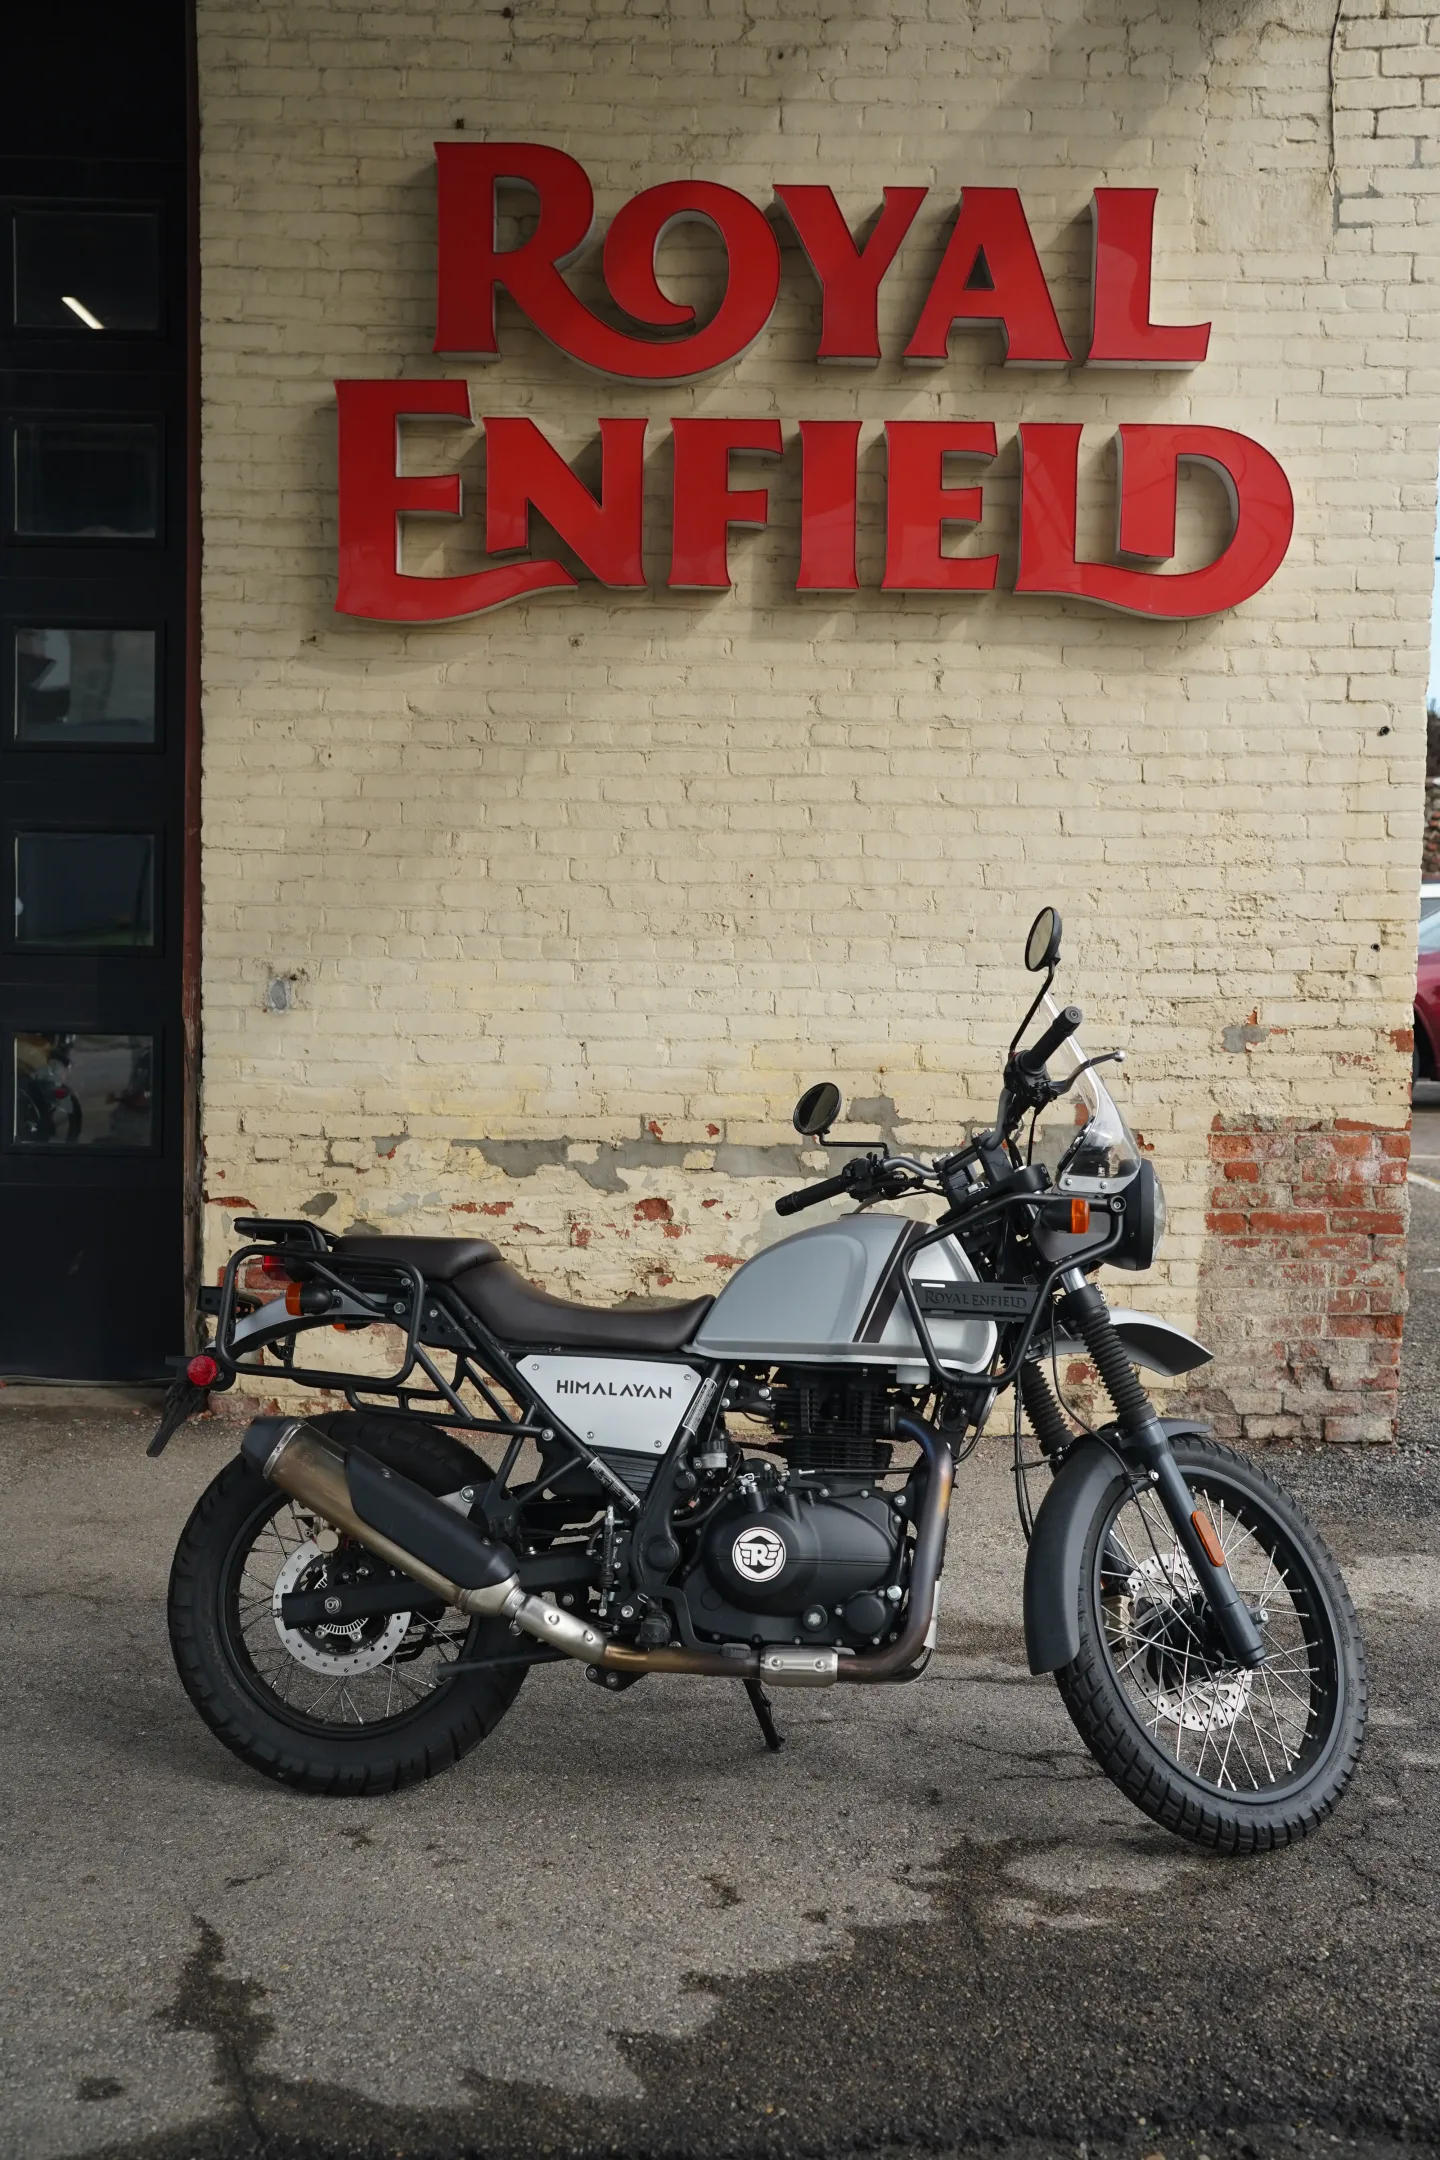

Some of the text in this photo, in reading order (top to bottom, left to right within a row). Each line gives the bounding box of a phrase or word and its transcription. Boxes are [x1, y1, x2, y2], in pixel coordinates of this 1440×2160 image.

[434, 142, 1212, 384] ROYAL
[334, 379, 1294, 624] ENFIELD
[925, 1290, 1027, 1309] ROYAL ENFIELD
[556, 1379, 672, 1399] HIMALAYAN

□ □ □

## REQUIREMENT
Please write out every record above exactly, but leave the pictures out.

## RESPONSE AREA
Some of the text in this photo, in reading order (top to bottom, left to right within a row). Each line gives the bounding box of a phrase or word and its transcription. Boxes are [x1, y1, x2, y2], in pixel coordinates of this 1440×2160 image.

[434, 142, 1212, 384] ROYAL
[334, 379, 1294, 624] ENFIELD
[925, 1290, 1027, 1309] ROYAL ENFIELD
[556, 1379, 672, 1399] HIMALAYAN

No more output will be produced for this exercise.